> [Collection entries]
━━━
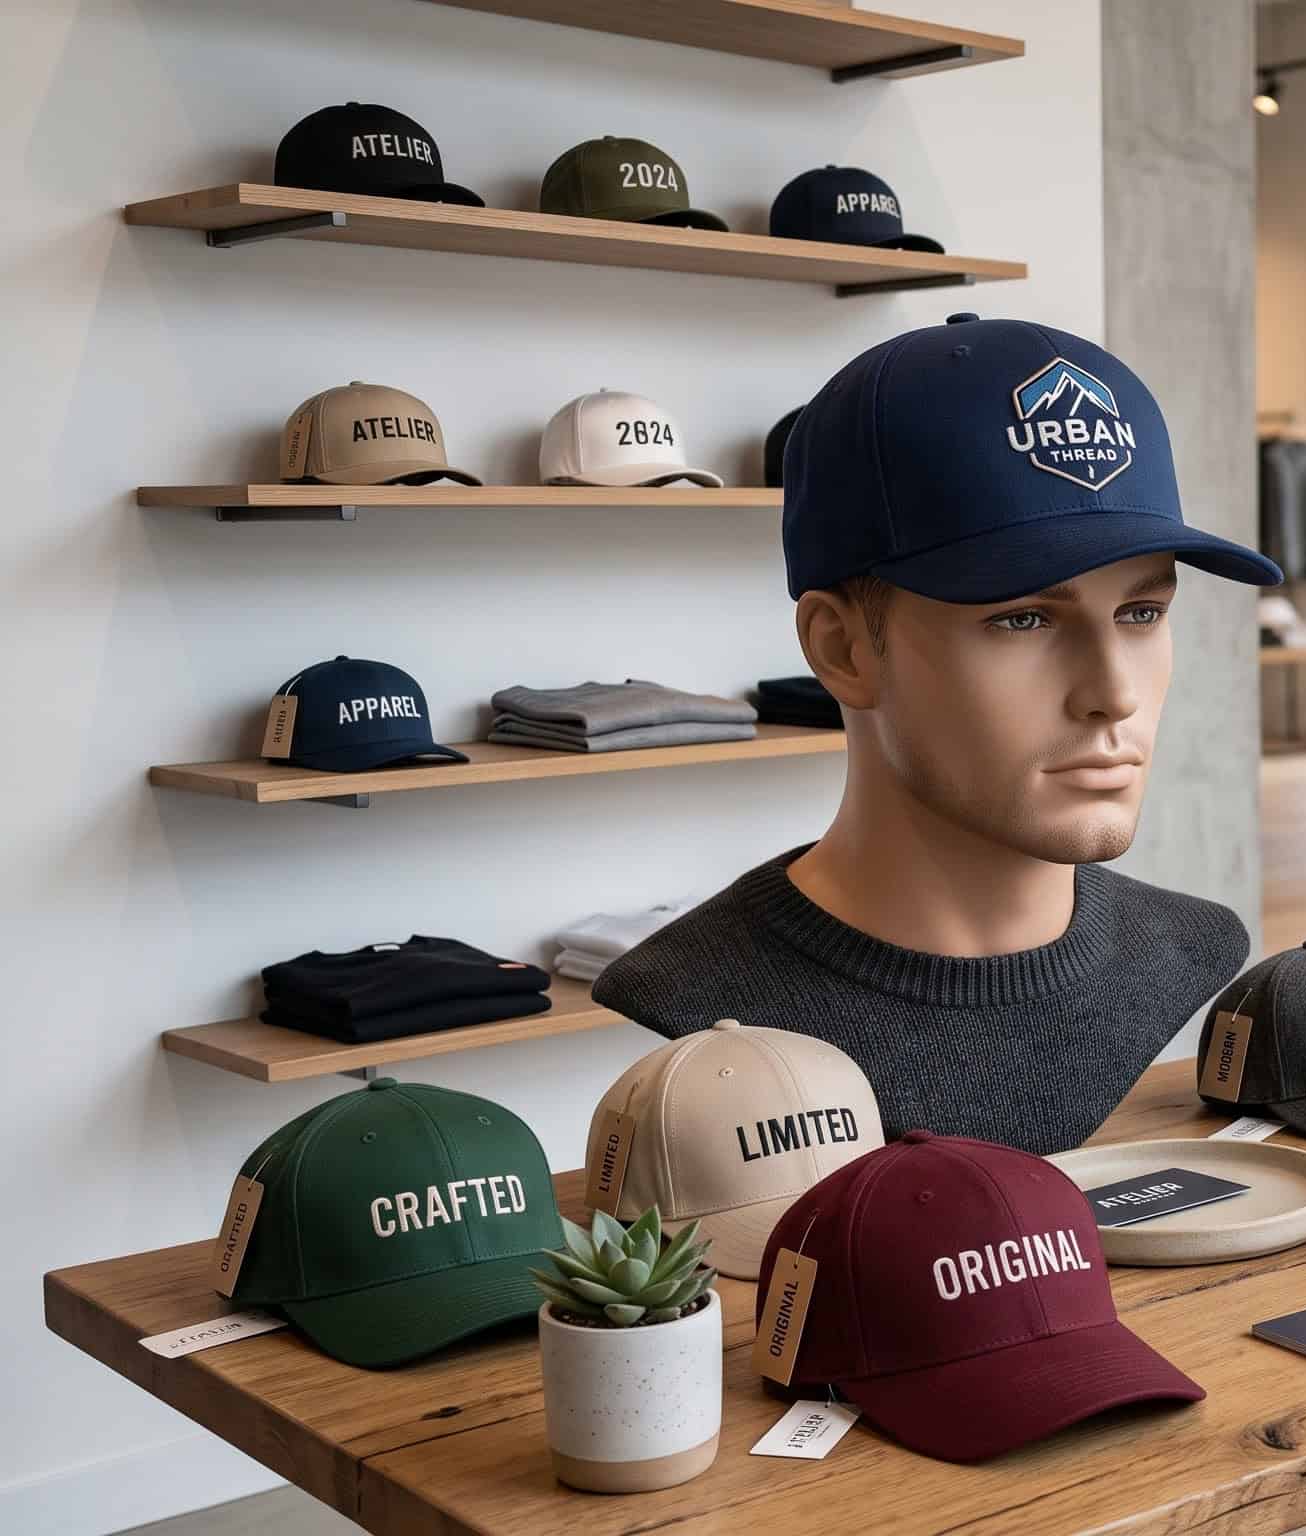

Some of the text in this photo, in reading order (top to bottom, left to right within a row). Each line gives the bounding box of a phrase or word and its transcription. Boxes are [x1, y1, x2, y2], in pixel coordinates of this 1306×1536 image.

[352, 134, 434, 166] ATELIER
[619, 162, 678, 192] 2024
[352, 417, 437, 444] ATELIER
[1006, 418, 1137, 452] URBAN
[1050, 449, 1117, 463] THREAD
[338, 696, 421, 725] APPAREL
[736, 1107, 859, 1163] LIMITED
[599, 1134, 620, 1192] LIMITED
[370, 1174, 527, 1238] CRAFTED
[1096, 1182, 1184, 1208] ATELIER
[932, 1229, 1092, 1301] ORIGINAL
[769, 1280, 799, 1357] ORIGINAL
━━━
> [Exercise goal] Reproduce the lines above exactly, please, but not the pictures in them.

> [Response to the exercise]
Some of the text in this photo, in reading order (top to bottom, left to right within a row). Each line gives the bounding box of a phrase or word and its transcription. Boxes are [x1, y1, x2, y2], in pixel coordinates of this 1306×1536 image.

[352, 134, 434, 166] ATELIER
[619, 162, 678, 192] 2024
[352, 417, 437, 444] ATELIER
[1006, 418, 1137, 452] URBAN
[1050, 449, 1117, 463] THREAD
[338, 696, 421, 725] APPAREL
[736, 1107, 859, 1163] LIMITED
[599, 1134, 620, 1192] LIMITED
[370, 1174, 527, 1238] CRAFTED
[1096, 1182, 1184, 1208] ATELIER
[932, 1229, 1092, 1301] ORIGINAL
[769, 1280, 799, 1357] ORIGINAL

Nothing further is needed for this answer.